Di Indonesia, pemakaian helm memiliki beberapa permasalahan, yaitu : a) Tidak semua pengendara mau memakai helm dengan berbagai alasan,

termasuk ketidakmampuan membeli.

b) Token compliance (ketaatan semu), helm hanya dipakai karena takut polisi, tidak memakai dengan benar (tidak diikat dan dipasang).

c) Pemilihan kualitas helm yang rendah atau tidak standar. Helm standard tentu relatif lebih mahal, lebih berat, dan lebih besar dari sekadar topi helm plastik.

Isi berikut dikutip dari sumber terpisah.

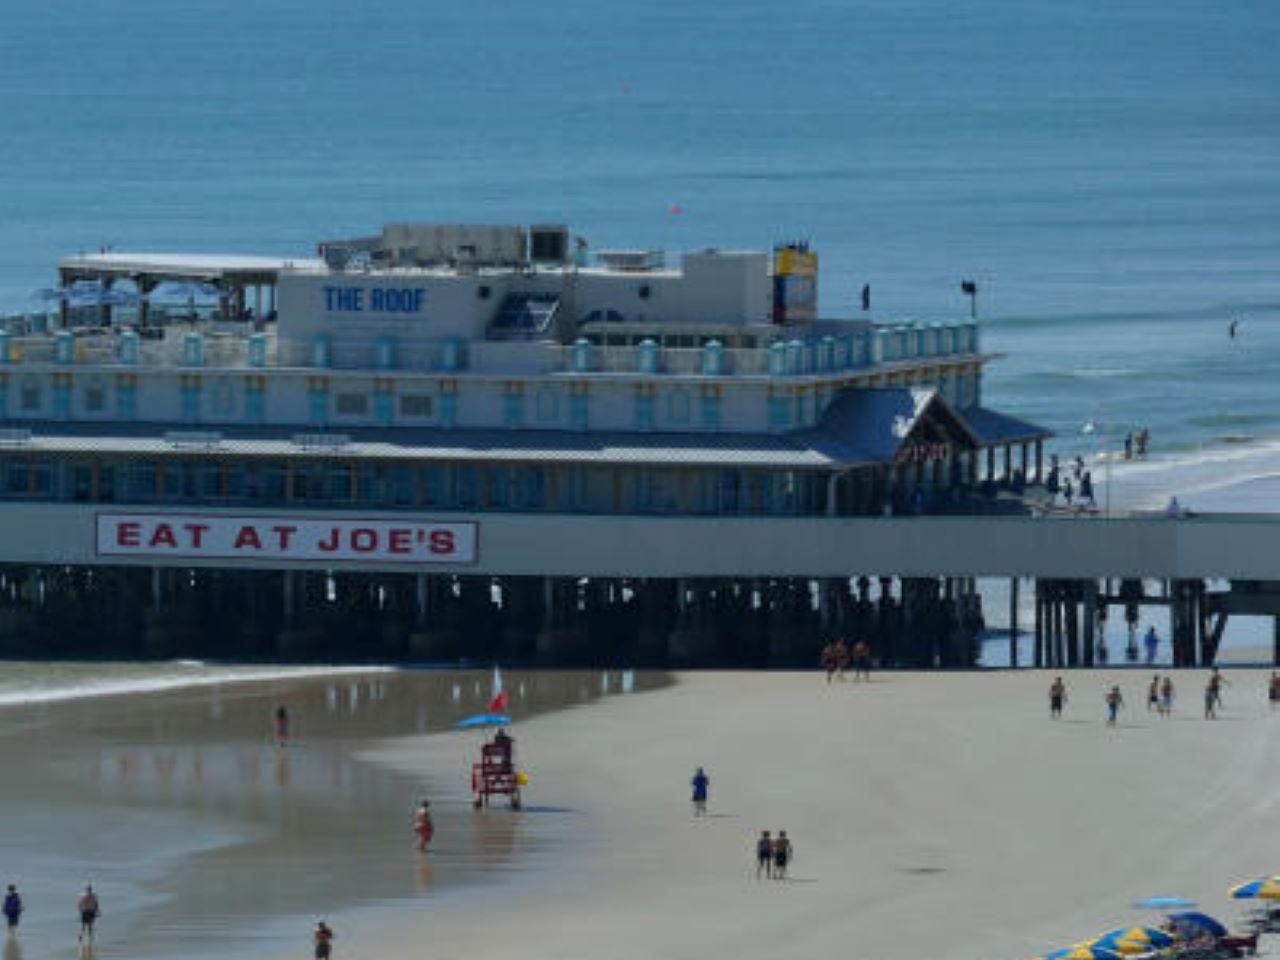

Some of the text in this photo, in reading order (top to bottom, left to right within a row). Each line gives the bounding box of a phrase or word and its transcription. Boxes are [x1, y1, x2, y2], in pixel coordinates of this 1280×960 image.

[325, 287, 426, 313] THE ROOF
[116, 522, 456, 554] EAT AT JOE'S

d) Alasan tidak memakai helm seperti : malas, discomfort/rasa tidak enak, terlalu berat, ketat, mengganggu kepala, bikin sakit kepala, mengganggu rambut, dan gatal (Bustan, 2007).

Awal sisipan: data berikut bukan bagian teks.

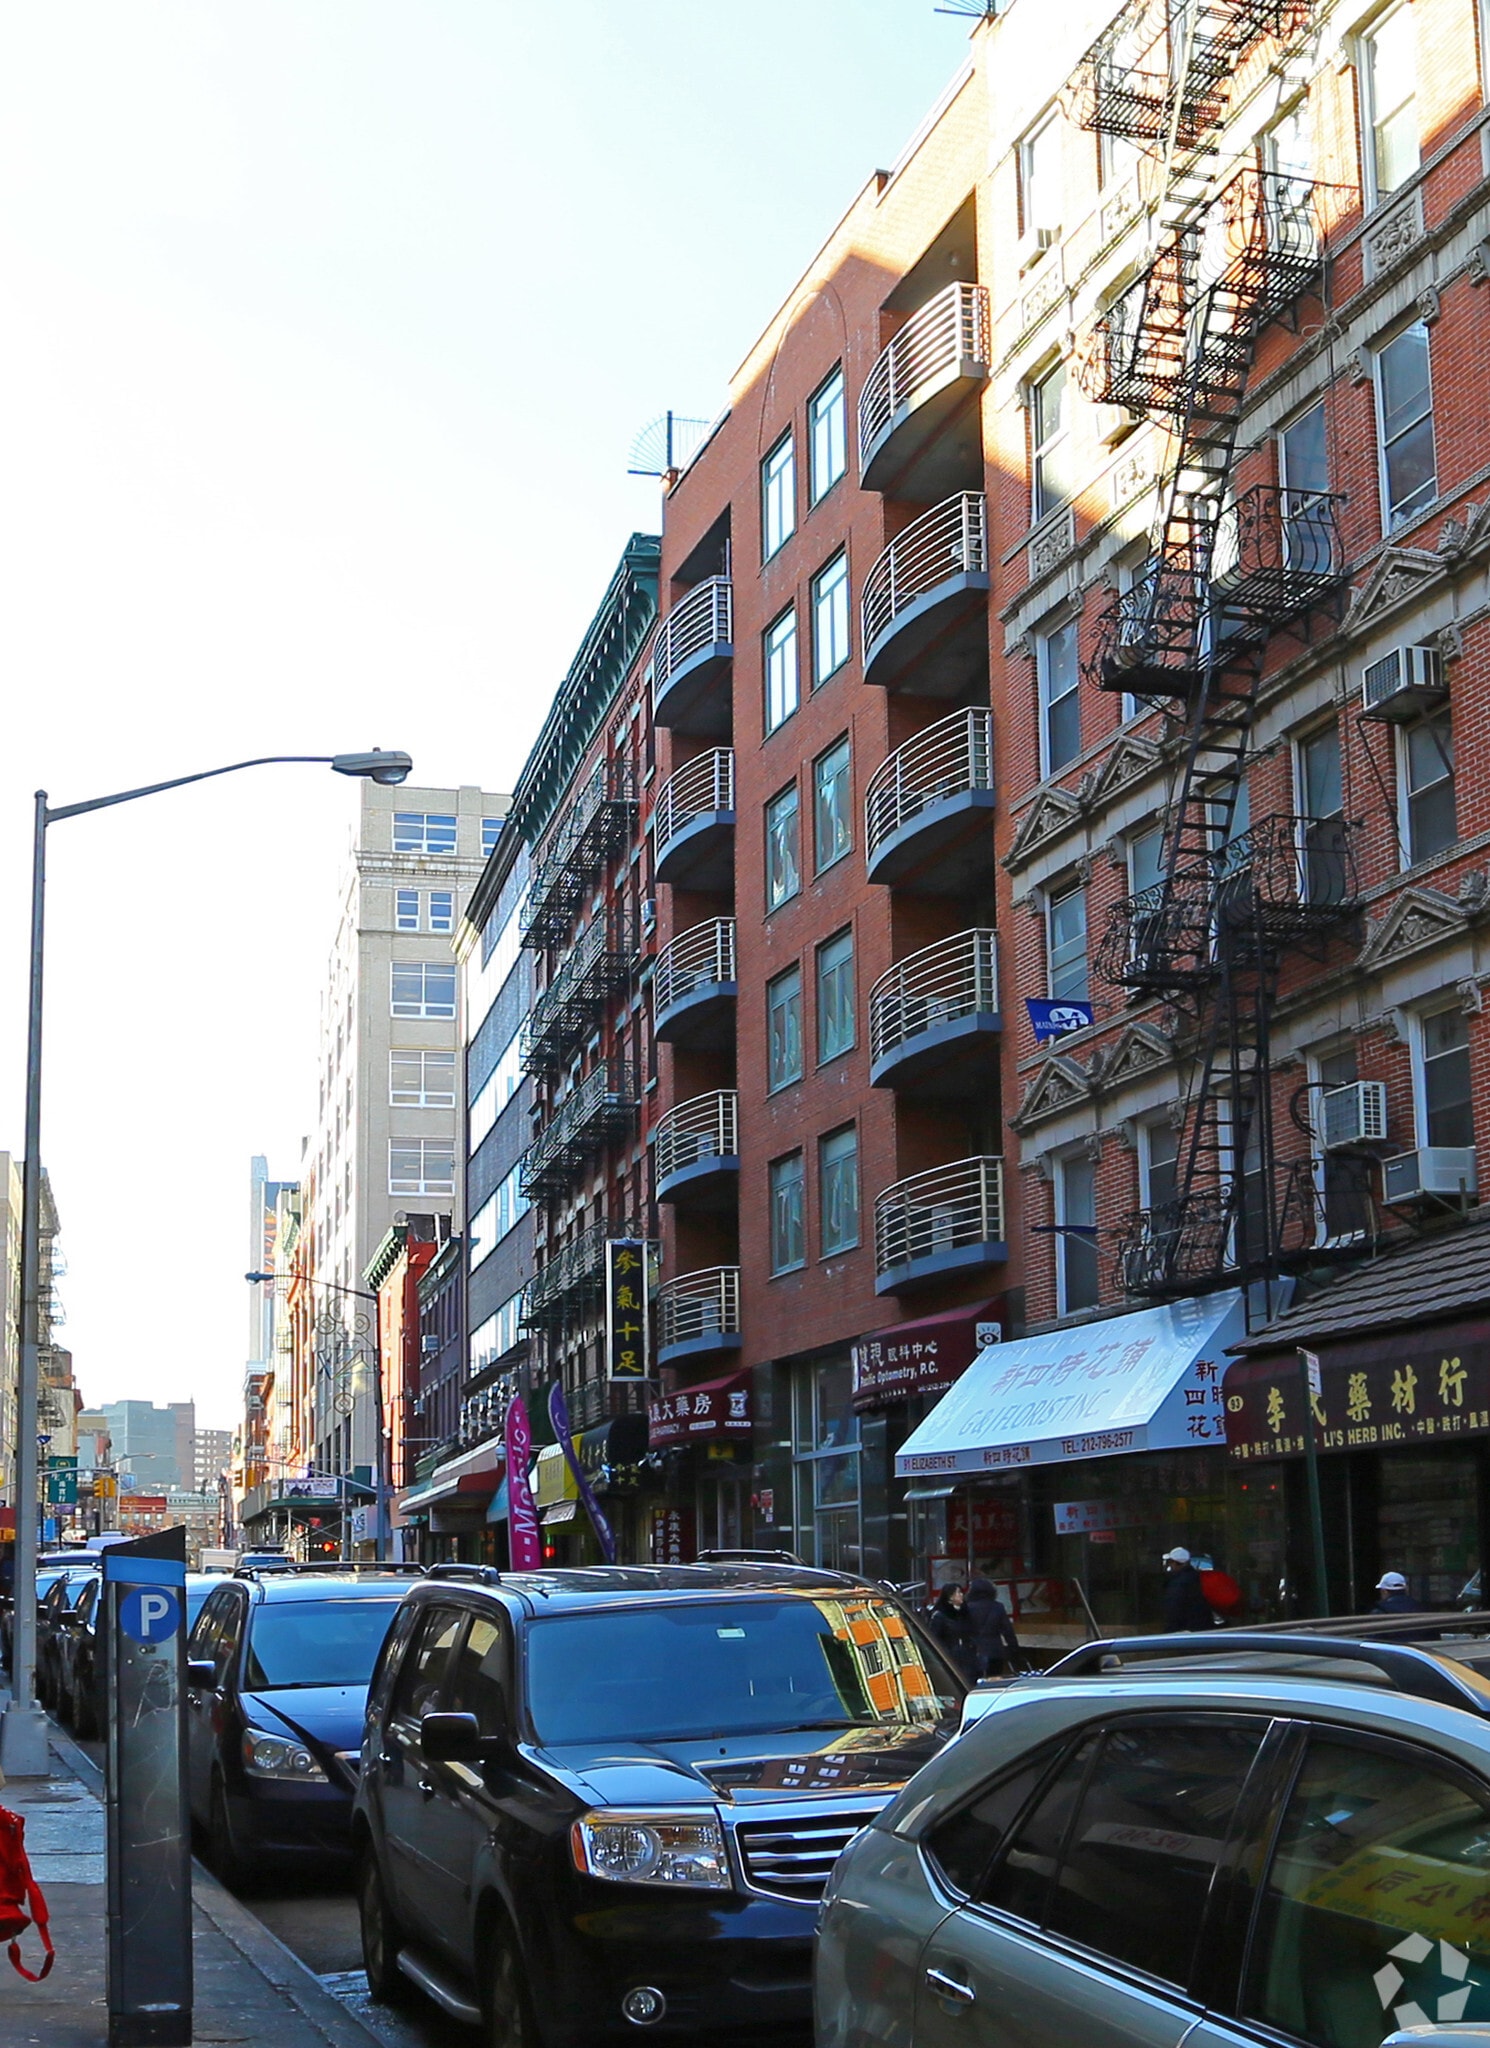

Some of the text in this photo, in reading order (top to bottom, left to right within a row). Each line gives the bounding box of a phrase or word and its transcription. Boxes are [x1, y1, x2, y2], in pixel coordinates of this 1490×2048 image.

[877, 1365, 917, 1385] Optometry,
[919, 1361, 938, 1375] P.C.
[1195, 1360, 1218, 1382] 新
[992, 1395, 1076, 1432] FLORIST
[1061, 1431, 1134, 1455] TEL: 212-796-2577
[1323, 1429, 1344, 1447] LI'S
[1348, 1426, 1378, 1445] HERB
[1381, 1422, 1406, 1441] INC.
[911, 1456, 946, 1470] ELIZABETH
[140, 1594, 169, 1637] P

2. Pelindung mata dan wajah

Mata dan wajah membutuhkan perlindungan dari angin, debu, hujan, binatang kecil dan bebatuan, pelindung wajah dapat memberi perlindungan dari hal tersebut. Pelindung mata dan wajah harus memenuhi standar yang berlaku, tidak tergores, tidak membatasi jarak atau sudut pandang pengendara, dan dapat diikat erat agar tidak bergeser.

3. Sarung tangan

Sarung tangan berfungsi untuk mengurangi efek langsung angin maupun kondisi cuaca ketika berkendara dan meminimalkan dampak cedera pada saat terjadi kecelakaan lalu lintas. Penahan benturan, goresan, dan berbahan yang kuat merupakan standar dari sarung tangan untuk mengendarai sepeda motor. Sarung tangan juga harus nyaman ketika digunakan dan memberi kemampuan menggenggam setang dengan baik.

4. Jaket

Jaket merupakan pakaian pelindung pengendara sepeda motor ketika terjadi kecelakaan lalu lintas, selain itu jaket juga berfungsi untuk membantu pengendara sepeda motor menghadapi kondisi cuaca ketika berkendara. Jaket yang baik adalah tidak mudah sobek dan menggelembung ketika dipakai berkendara, jaket harus menutupi seluruh lengan dan melekat erat pada leher, pergelangan tangan, dan pinggang pada saat berkendara. Selain itu, warna jaket harus terang agar dapat terlihat oleh pengendara lain ketika malam hari.

5. Sepatu

Sepatu berfungsi untuk melindungi pergelangan kaki. Sepatu dapat mengurangi efek langsung ke arah kaki pada pengendara sepeda motor ketika terjadi kecelakaan lalu lintas. Sepatu harus didesain untuk berkendara sepeda motor dan terbuat dari kulit atau bahan sintetis kuat lainnya. Dapat melindungi pergelangan kaki, memiliki alas sepatu yang mampu menapak dengan baik dan memiliki bagian yang diperkuat sebagai perlindungan tambahan. Sepatu tidak boleh memiliki anting-anting, tali-tali atau sisi yang elastis, karena dapat menimbulkan masalah bagi pengendara dan dapat menyangkut pada motor atau pada saat kecelakaan.